Merlier, Augustin
Biographie
Né vers 1790 à Vandelle (Aisne). Militaire de 1804 à 1813, prisonnier en Prusse, il fut blessé d’une balle reçue dans la cuisse, d’un coup de baïonnette à la cuisse et d’un coup de lance au sourcil pendant les combats. Il reçut, après la révolution, un total de cinquante francs de secours auprès de la mairie du (ancien) Ve arrondissement. Il reçut cinquante francs de secours en 1831 (ou peut-être sont-ce les mêmes que ceux plus haut…). En 1836, employé dans les travaux du Pont-Neuf, il fut blessé à la tête et dut longtemps rester à l’hôpital. En 1837, il prenait ses repas au 1, rue des Lavandières près de Maubert, mais la police y chercha infructueusement des renseignements sur son compte : il avait disparu. En 1840, ouvrier terrassier, il était père de trois enfants de moins de douze ans et sollicitait des secours. En 1841, les renseignements de police le décrivaient comme marié, père de quatre enfants et ajoutaient : « Sa femme et ses enfants habitent Lille. Merlier, ancien employé réformé des douanes, est couvert de blessures et de rhumatismes. Quoique très nécessiteux, il trouve encore moyen d’envoyer de temps à autre des secours à sa famille. Ce décoré (???) jouit d’une excellente réputation. » Il reçut un secours de quarante francs en 1842. En 1843, père de quatre enfants, il était balayeur à l’hospice de Bicêtre et avait sa femme paralysée. Il reçut un secours de quarante francs en 1843. En 1844, il était toujours dans cet hospice, et sa femme était sur le point d’accoucher.
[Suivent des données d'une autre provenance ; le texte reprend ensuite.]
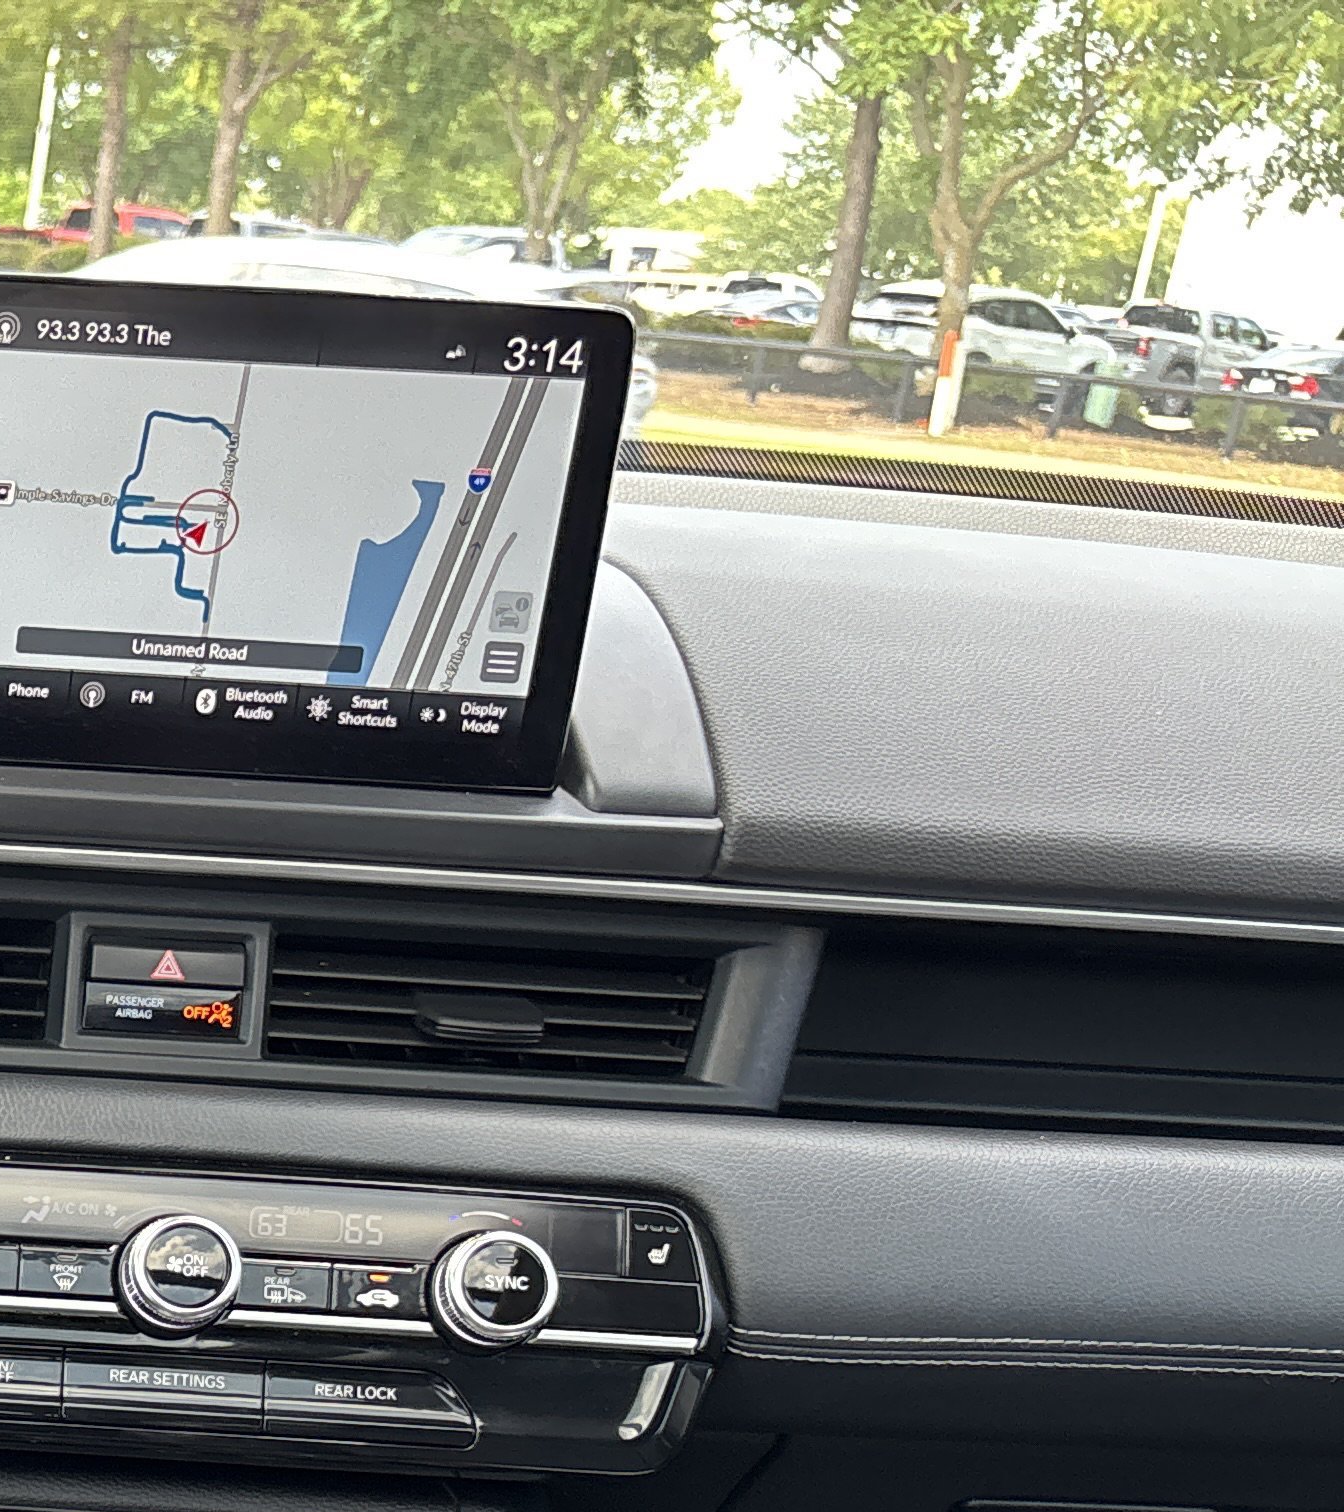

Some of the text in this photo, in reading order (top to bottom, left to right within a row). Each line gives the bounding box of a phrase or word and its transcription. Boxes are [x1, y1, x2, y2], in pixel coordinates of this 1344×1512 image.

[37, 320, 172, 346] 93.3 93.3 The
[504, 339, 584, 374] 3:14
[52, 489, 95, 507] Savings
[101, 493, 117, 506] Dr
[132, 638, 248, 661] Unnamed Road
[8, 682, 49, 699] Phone
[131, 689, 153, 704] FM
[225, 687, 287, 706] Bluetooth
[351, 695, 388, 711] Smart
[460, 702, 507, 720] Display
[234, 706, 273, 722] Audio
[338, 711, 397, 728] Shortcuts
[461, 720, 499, 734] Mode
[105, 994, 164, 1008] PASSENGER
[115, 1008, 153, 1020] AIRBAG
[183, 1005, 210, 1020] OFF
[51, 1202, 99, 1216] A/C ON
[258, 1213, 287, 1237] 63
[344, 1214, 383, 1246] 65
[49, 1263, 83, 1275] FRONT
[182, 1265, 209, 1278] OFF
[264, 1276, 290, 1286] REAR
[484, 1274, 529, 1291] SYNC
[109, 1369, 225, 1389] REAR SETTINGS
[314, 1383, 397, 1400] REAR LOCK
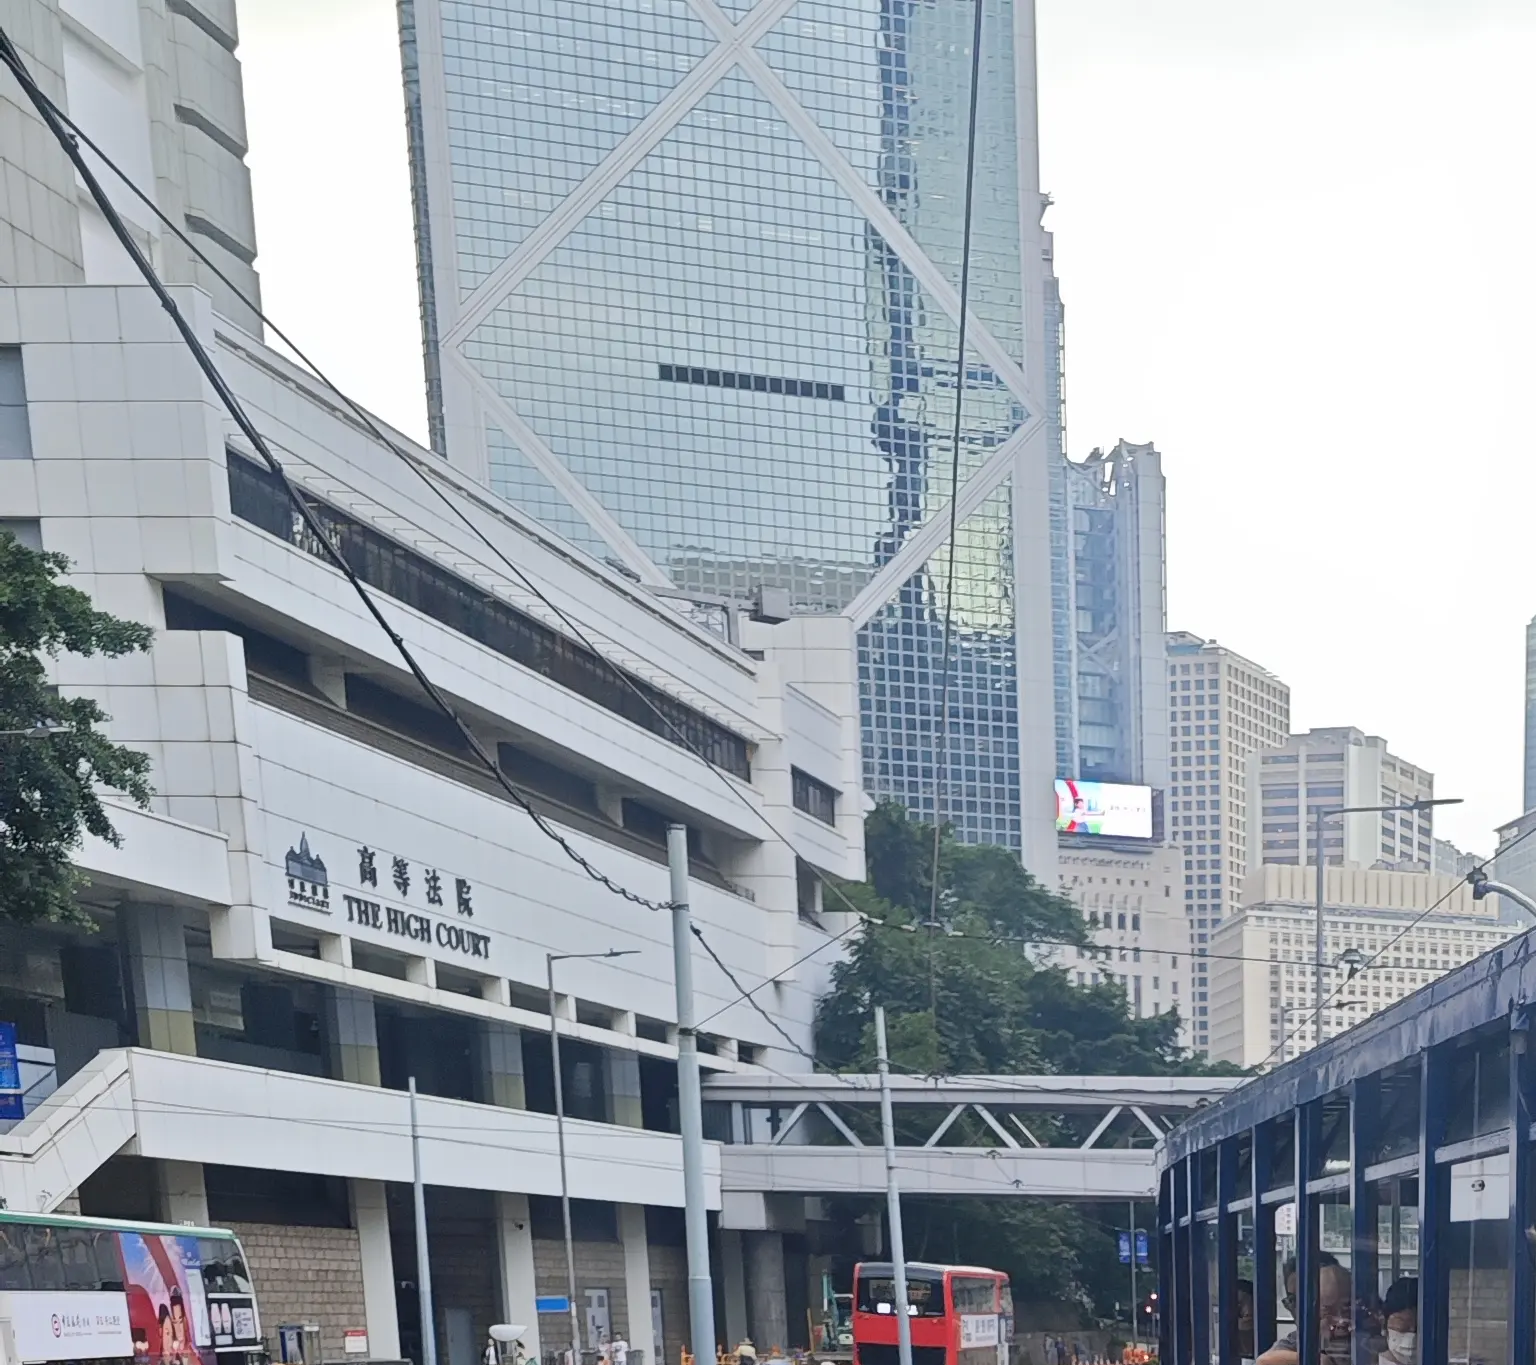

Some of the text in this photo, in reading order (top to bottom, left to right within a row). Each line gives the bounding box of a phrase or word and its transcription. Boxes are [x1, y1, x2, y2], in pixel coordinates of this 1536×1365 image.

[356, 845, 474, 918] 高等法院
[342, 894, 491, 960] THE HIGH COURT
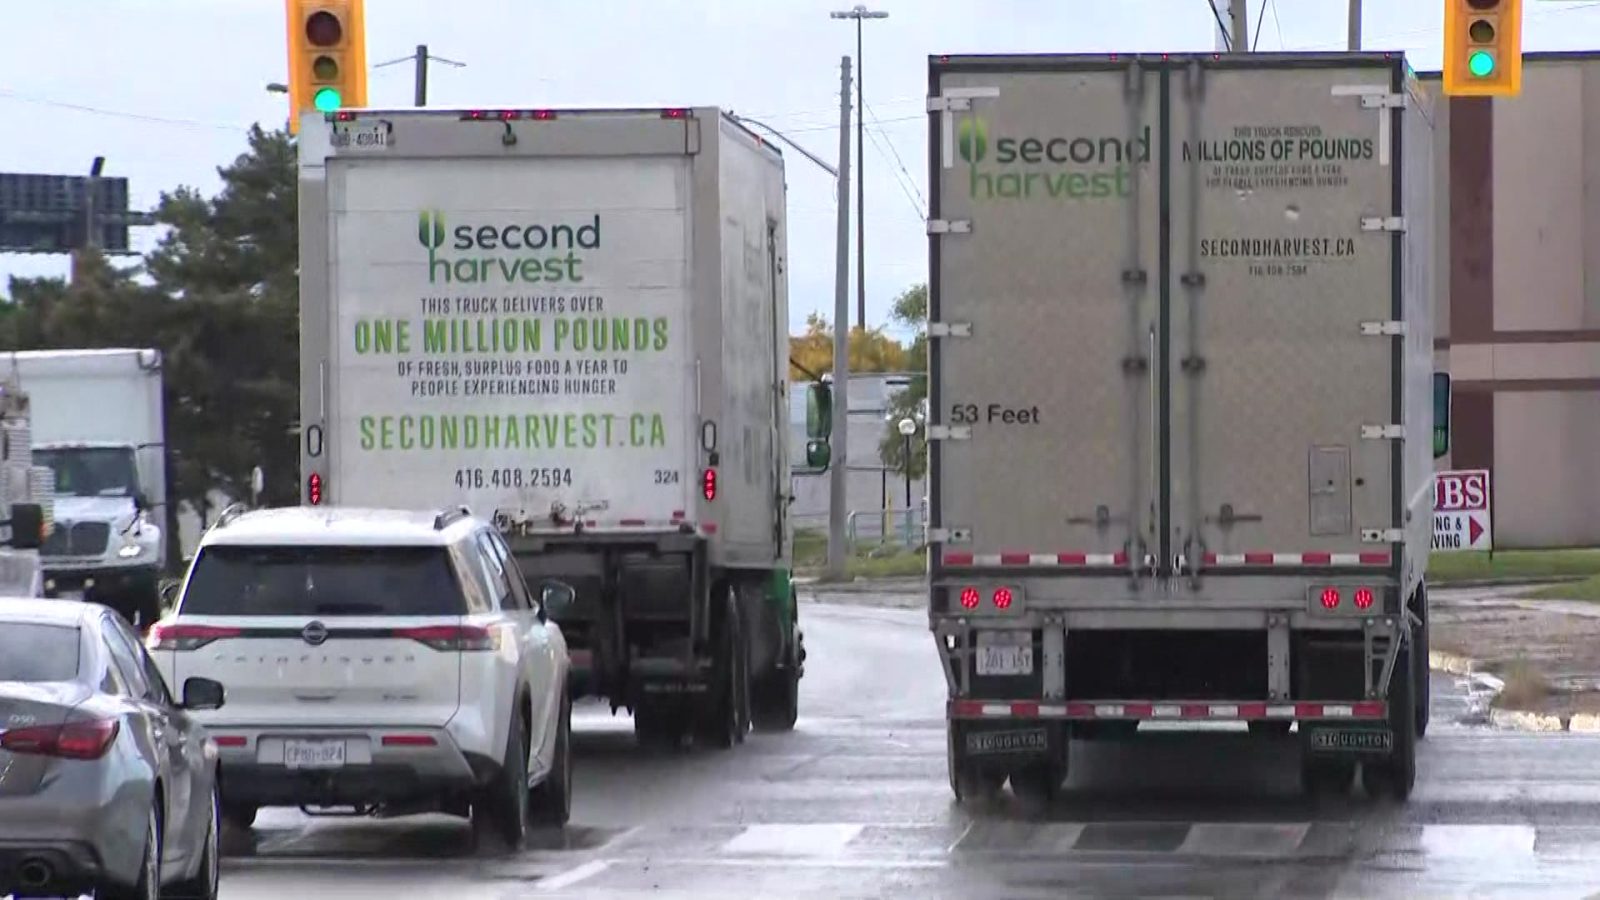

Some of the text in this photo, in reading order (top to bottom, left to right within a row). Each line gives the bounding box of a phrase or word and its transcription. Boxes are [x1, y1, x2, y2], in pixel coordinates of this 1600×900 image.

[996, 125, 1151, 163] second
[1271, 139, 1294, 160] OF
[1299, 138, 1373, 160] POUNDS
[970, 166, 1131, 198] harvest
[453, 213, 600, 250] second
[1200, 237, 1356, 257] SECONDHARVEST.CA
[428, 250, 583, 284] harvest
[421, 297, 604, 314] THIS TRUCK DELIVERS OVER
[354, 317, 669, 354] ONE MILLION POUNDS
[397, 359, 628, 377] OF FRESH, SURPLUS FOOD A YEAR TO
[411, 379, 617, 396] PEOPLE EXPERIENCING HUNGER
[951, 404, 1040, 424] 53 Feet
[360, 413, 666, 450] SECONDHARVEST.CA
[454, 467, 573, 488] 416.408.2594
[654, 469, 680, 484] 324
[1433, 476, 1484, 508] BS
[1430, 533, 1461, 549] VING
Il reçut un secours de vingt-cinq francs en 1844. Il demeurait 176, rue du Faubourg-Saint-Martin en 1831 ; 36, rue d’Argenteuil en 1836 ; en garni, 8, rue de Romainville à Belleville en 1840 ; 16, rue Geoffroy-Lasnier en 1841 ; à l’hospice de Bicêtre en 1843-1844. Archives nationales F/1dIII/33 dossier indemnités et récompenses, envoi du 3 décembre 1830 du ministre de l’Intérieur à la Commission des récompenses nationales ; Archives nationales F/1dIII/35 B, Commission des récompenses nationales, état des sommes payées aux combattants blessés ou non blessés pour le compte de cette commission, du 8 octobre 1830 au 31 août 1831 par la mairie du (ancien) Ve arrondissement ; Archives nationales F/1dIII/66.